Getting back to the instruction decoder, (mentioned earlier as an essential component to the CPU) this is what is used to decode the assembly code. To essentially make sense of what it is given, from the ROM. It will be much easier to understand if we label the process of the instruction decoder in steps.
- First clock cycle is executed; the instruction decoder first activates the TriState buffer, RD line, datain TriState buffer and “latches” the instruction to the instruction register.

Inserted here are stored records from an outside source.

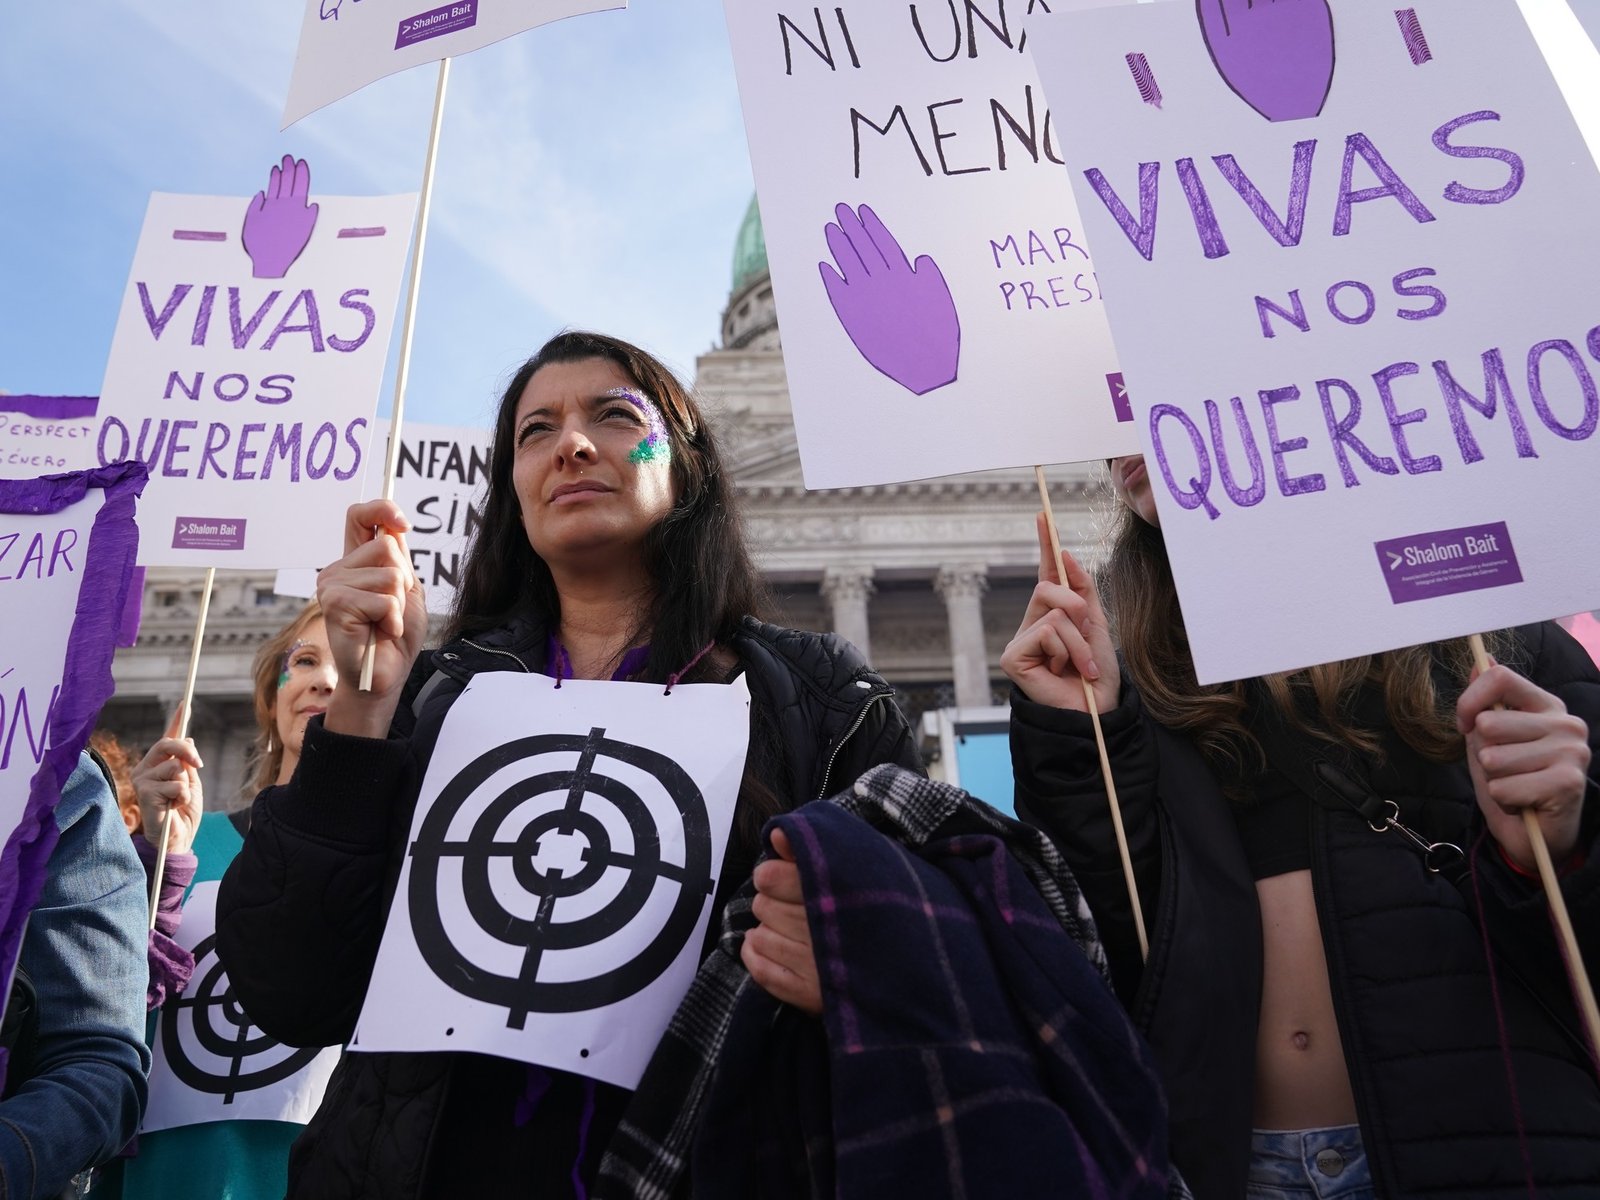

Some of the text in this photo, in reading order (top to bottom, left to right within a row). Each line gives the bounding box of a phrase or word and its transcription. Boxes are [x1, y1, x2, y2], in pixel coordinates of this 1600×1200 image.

[412, 12, 448, 30] Shalom
[451, 3, 472, 17] Bait
[777, 7, 861, 75] NI
[1083, 110, 1525, 262] VIVAS
[990, 228, 1089, 268] MAR
[136, 281, 376, 353] VIVAS
[1255, 267, 1447, 338] NOS
[163, 370, 296, 404] NOS
[1149, 324, 1600, 520] QUEREMO
[0, 448, 66, 467] ÉNERO
[97, 415, 367, 482] QUEREMOS
[384, 436, 492, 485] NFAN
[0, 529, 78, 580] ZAR
[188, 523, 237, 536] Shalom Bait
[1403, 533, 1500, 566] Shalom Bait

- The second clock cycle of the CPU occurs, which encompasses the decoding of the ADD instruction. It does so by adjusting the ALU to addition, and then latches the output of the ALU to the C register.
- On the third and final clock cycle, the program counter is incremented.
In the end, every single sequence that is being run through a CPU can be laid out as methodically as the prior set of operations, but each may require more clock cycles. Which brings up the topic of speed with a CPU. Everyone has heard of “how fast” a certain CPU is by simply remarking that it is, oh say, 3.4 “gigahertz.” This represents the speed in clock cycles of how fast it can churn out data per second. In this case, a “gigahertz” is a unit of measurement in “gigabytes.” Such as, 1 kilobyte = 1024 bytes, 1 Megabyte = 1024 kilobytes, 1 gigabyte = 1024 megabytes, 1 terabyte = 1024 gigabytes, and so on. But of course these are just measurements of size, but the same scale, (number wise) can be used to measure the speed in hertz, such as, 3.4 GHz = 3481.6 MHz. But when in reference to clock cycles per second, a GHz = 1,000,000,000. So, in this case, a 3.4 GHz capable CPU = 3,400,000,000. This is quite astounding in comparison to the very first CPU in 1974 by Intel where it could do basic arithmetic that took roughly 15 cycles per calculation! But the true definition of a “hertz” just to get technical, (maybe this will help your understanding) is an indicator of frequency of UHF, (ultrahigh frequency) and microwave EM signals. The wavelength of 1 GHz has a length of nearly 300 millimeters, which is roughly a little less than a foot. Since we are on the topic of pure “performance” of the CPU, like stated earlier, not only is the assembly code important within this realm, so is the number of transistors. The numbers of transistors make it easier and faster to transport data more effectively. The more transistors, the more multipliers can be assigned, which means the higher the clock rate. Such as, 9 multipliers * the FSB (front side bus) of 250 MHz would equal 2250 MHz CPU clock speed, or 2.25 GHz. Also, the presence of more transistors also opens up the door to pipelining. In pipelining, multiple processes can execute over each other in 5 clock cycles, so it appears as though one execution is occurring per one clock cycle, therefore enhancing the CPU's performance.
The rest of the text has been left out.